THE RECORDS:
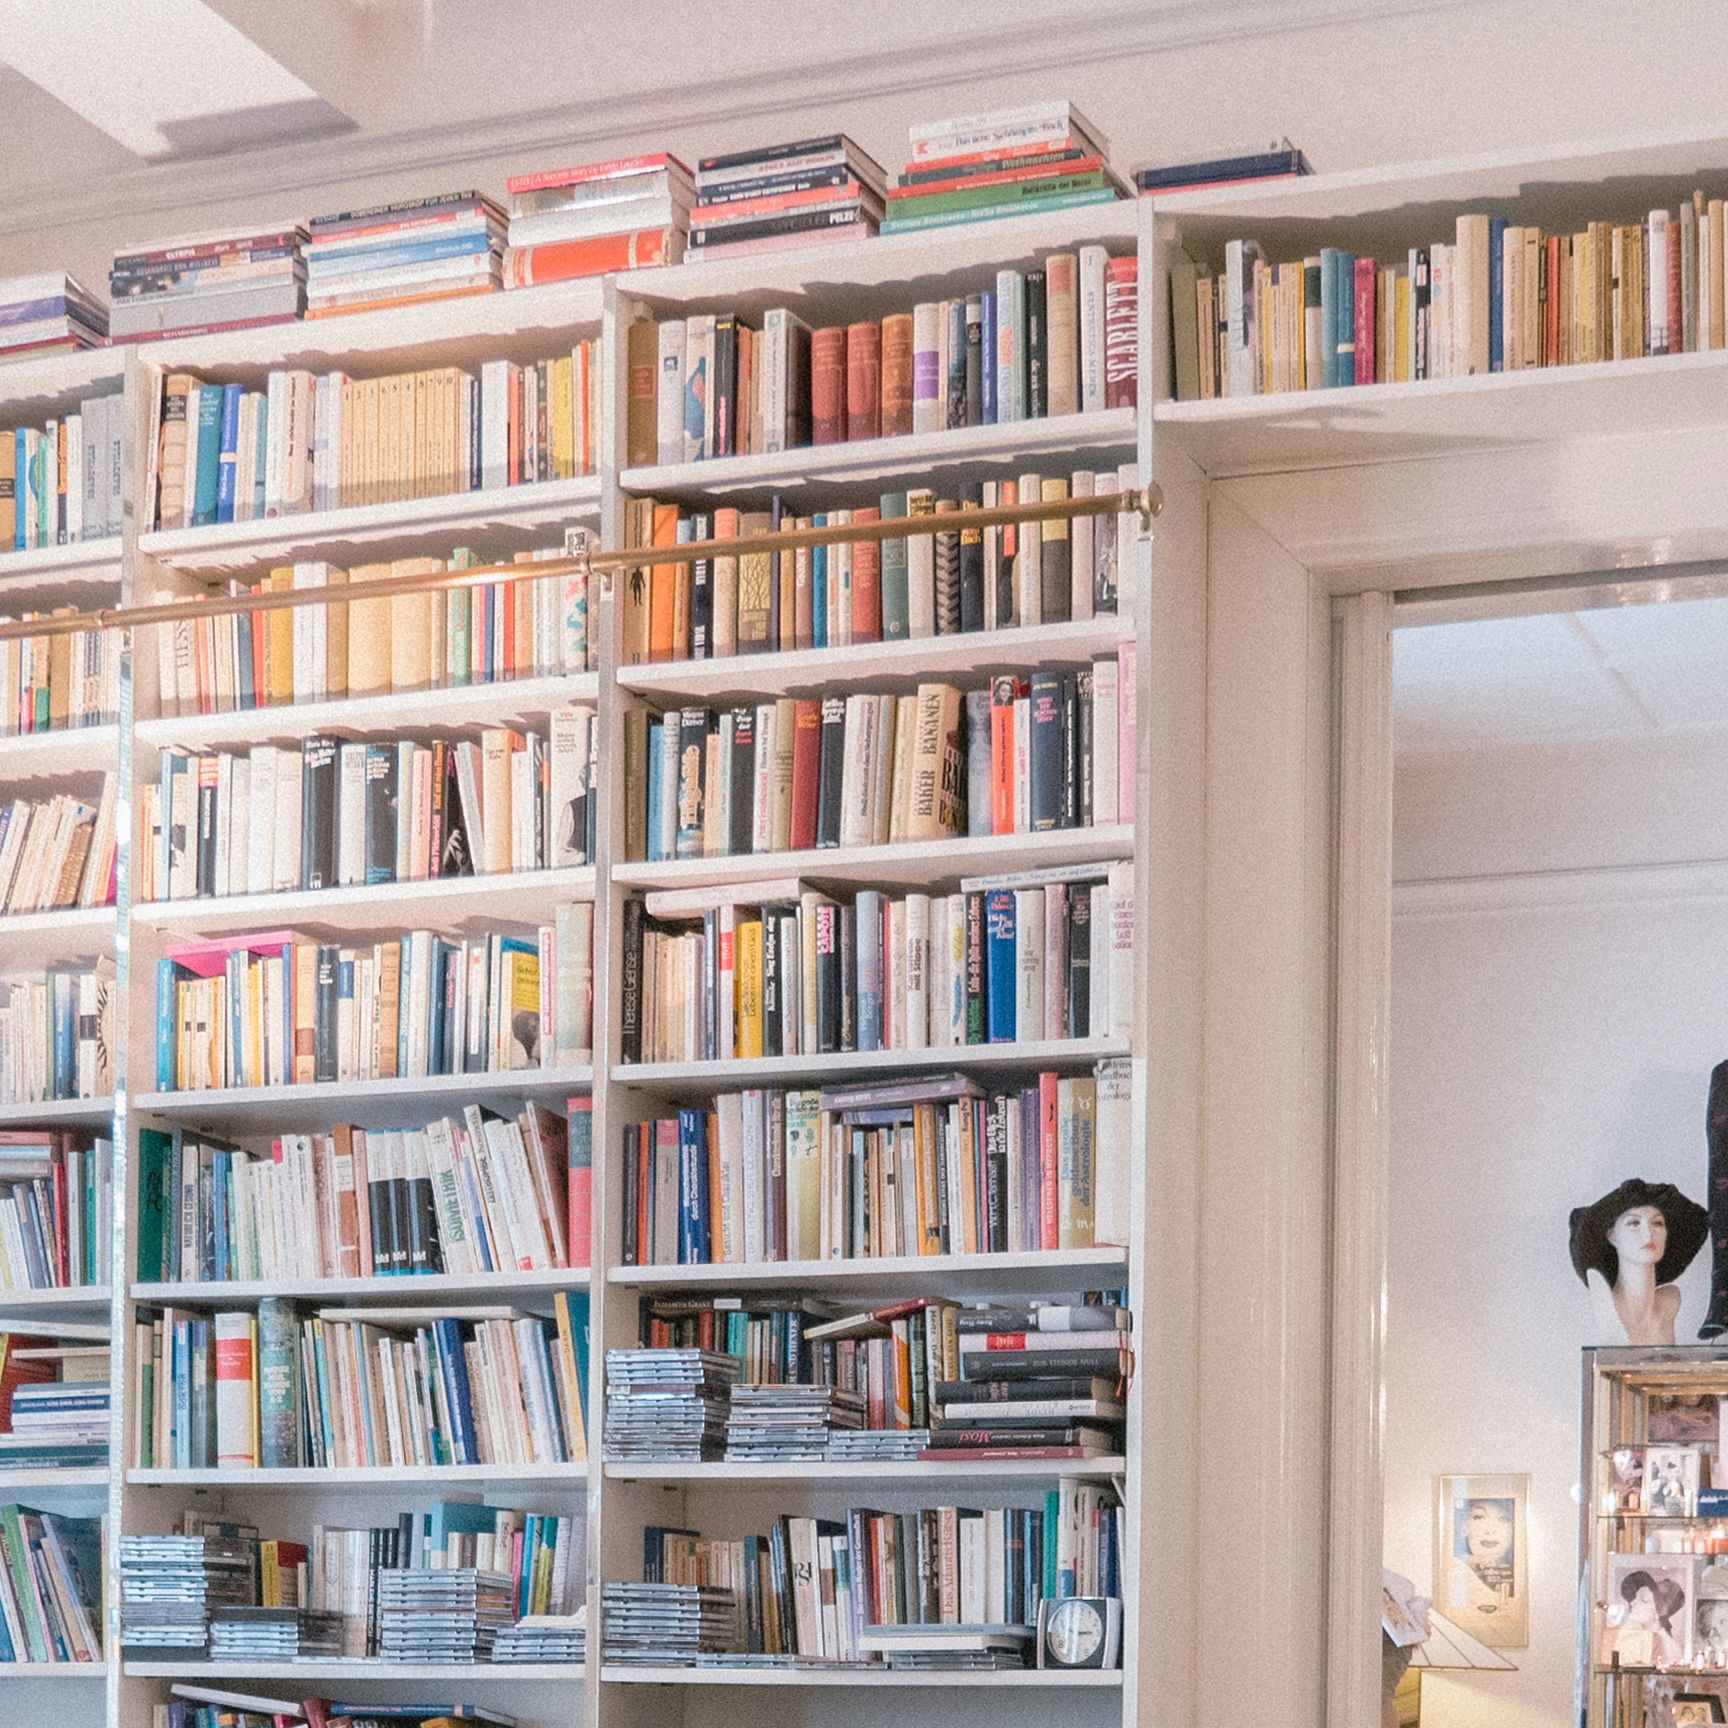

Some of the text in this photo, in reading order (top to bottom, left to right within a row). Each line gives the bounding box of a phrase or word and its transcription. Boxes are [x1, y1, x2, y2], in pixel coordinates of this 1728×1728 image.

[1106, 281, 1140, 382] SCARLETT
[917, 693, 941, 817] BAKER BANANEN
[621, 994, 640, 1036] Therese
[1060, 1117, 1071, 1180] Das große
[1069, 1112, 1080, 1196] goldene Buch
[1079, 1119, 1091, 1207] der Astrologie
[440, 1169, 466, 1242] ISOMETRIK
[942, 1592, 954, 1615] Das

TASK GOAL: Quote every entry exactly, with the pictures omitted.

RESULT BELOW:
Some of the text in this photo, in reading order (top to bottom, left to right within a row). Each line gives the bounding box of a phrase or word and its transcription. Boxes are [x1, y1, x2, y2], in pixel coordinates of this 1728×1728 image.

[1106, 281, 1140, 382] SCARLETT
[917, 693, 941, 817] BAKER BANANEN
[621, 994, 640, 1036] Therese
[1060, 1117, 1071, 1180] Das große
[1069, 1112, 1080, 1196] goldene Buch
[1079, 1119, 1091, 1207] der Astrologie
[440, 1169, 466, 1242] ISOMETRIK
[942, 1592, 954, 1615] Das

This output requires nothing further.